Half-dose (or half-fluence) is the preferred treatment in cCSC due to its superior efficacy in comparison with other treatment options, while it also has an excellent safety profile [11, 13]. In the current study, we show that half-dose PDT may also lead to a restoration of the EZ in cCSC with fovea-involving RPE atrophy. However, since extensive damage to the neuroretina and RPE is already present in cCSC with fovea-involving atrophy prior to PDT, the effect of half-dose PDT on clinical outcomes such as BCVA is limited. In cCSC patients with fovea-involving atrophy, half-dose PDT may be considered to restore neuroretinal anatomy and to potentially slow down disease progression, but patients should be adequately counselled on the more limited effects on BCVA. Future prospective studies with extensive phenotyping are warranted to shed a better light on the outcome and potential risks of PDT in this specific subgroup of cCSC with fovea-involving atrophy.

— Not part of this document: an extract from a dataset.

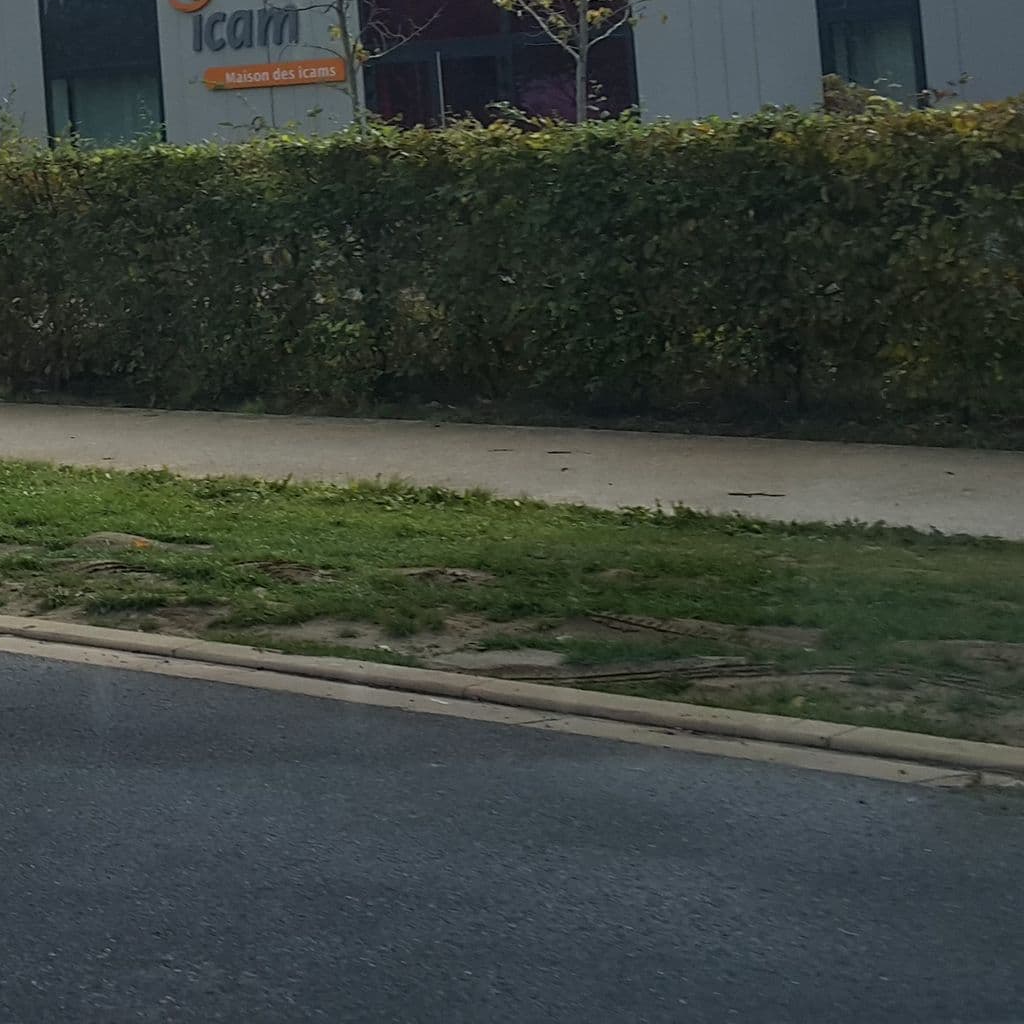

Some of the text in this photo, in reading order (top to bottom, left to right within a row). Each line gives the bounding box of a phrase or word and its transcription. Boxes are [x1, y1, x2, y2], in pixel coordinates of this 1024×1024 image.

[192, 5, 300, 52] icam
[225, 70, 270, 83] Maison
[272, 67, 295, 80] des
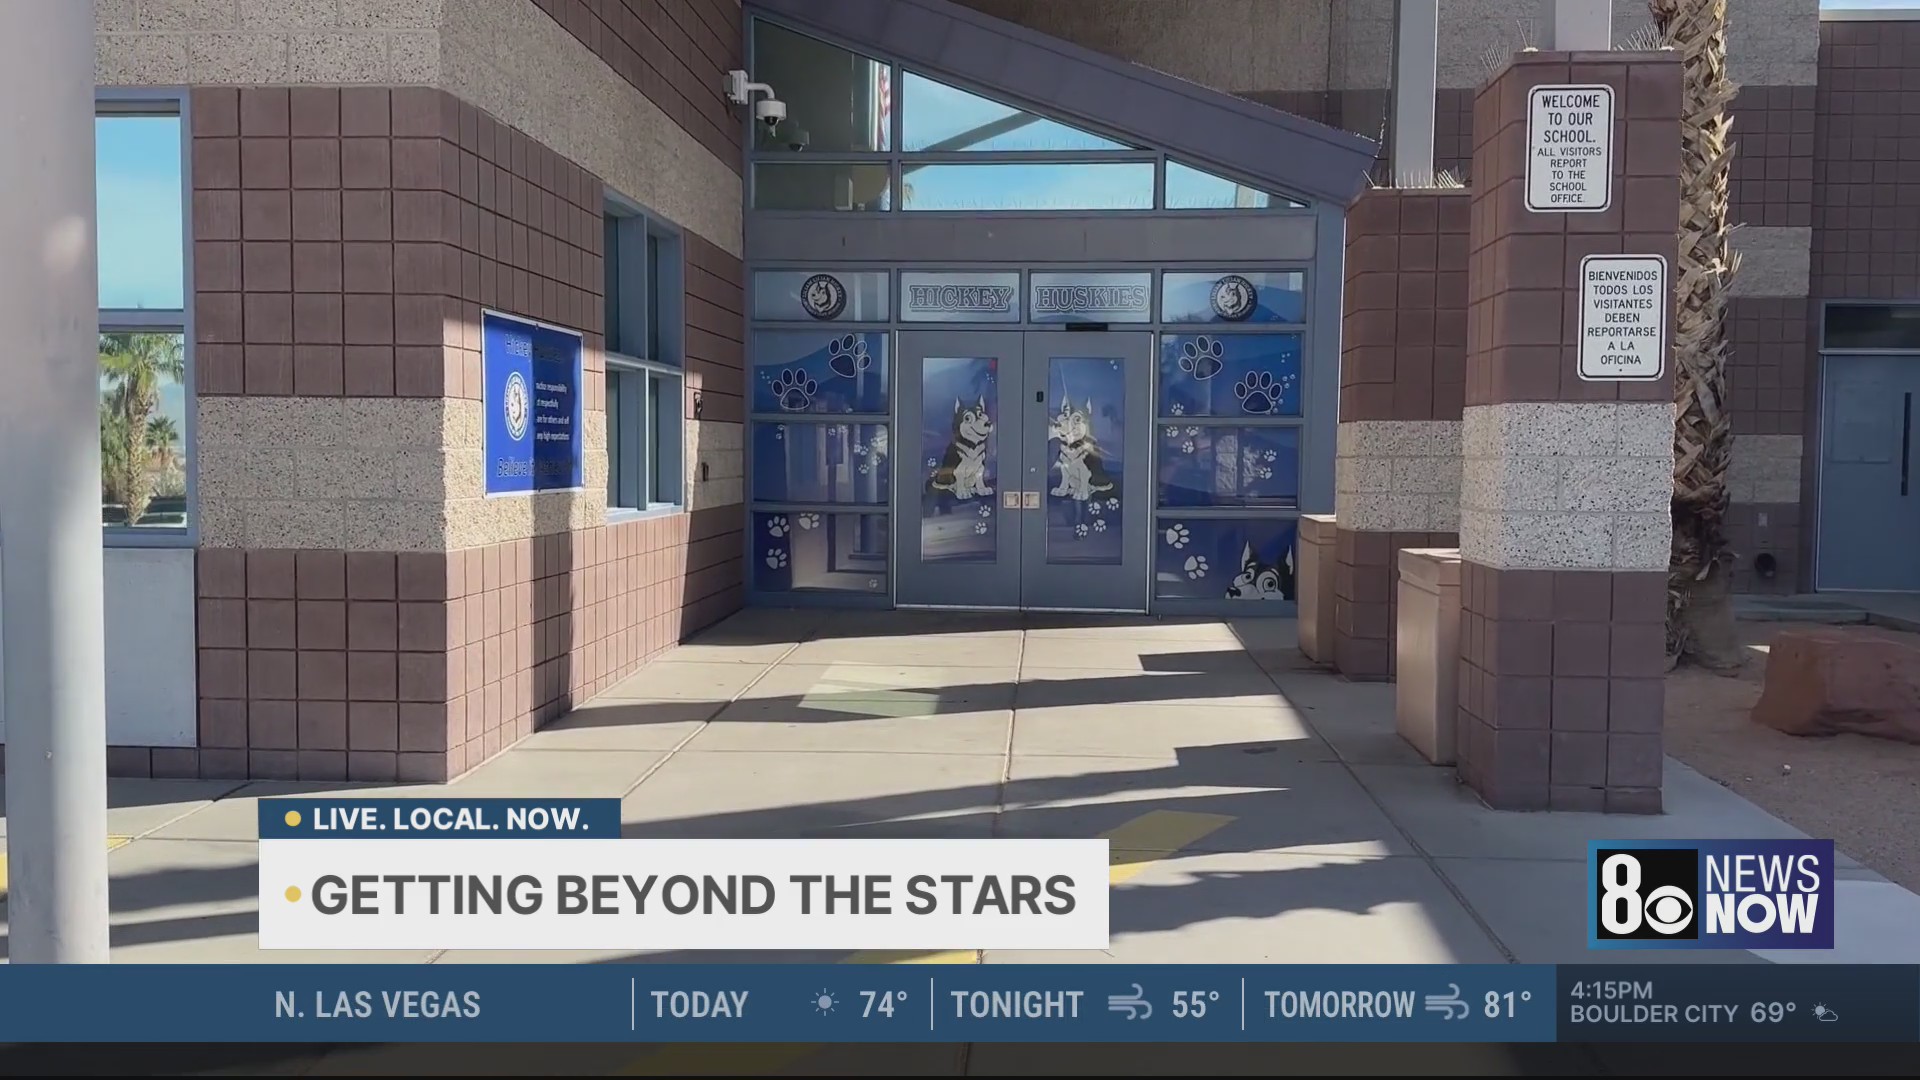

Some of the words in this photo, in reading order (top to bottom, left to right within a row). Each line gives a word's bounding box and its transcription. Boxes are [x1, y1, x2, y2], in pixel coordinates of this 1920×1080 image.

At present, PDT appears to be the only effective and safe treatment for cCSC, at least for the general cCSC population, but its efficacy is more limited in advanced cCSC cases with foveal RPE atrophy and/or PCRD [10]. We therefore recommend that cCSC should ideally be treated with half-dose (or half-fluence) PDT before the development of PCRD or foveal atrophy and extensive RPE alterations [10, 11]. A quest for additional effective treatments, based on research on pathophysiology and potential new treatment targets and large prospective randomized controlled trials, is pivotal to broaden the therapeutic armamentarium for this mysterious disease.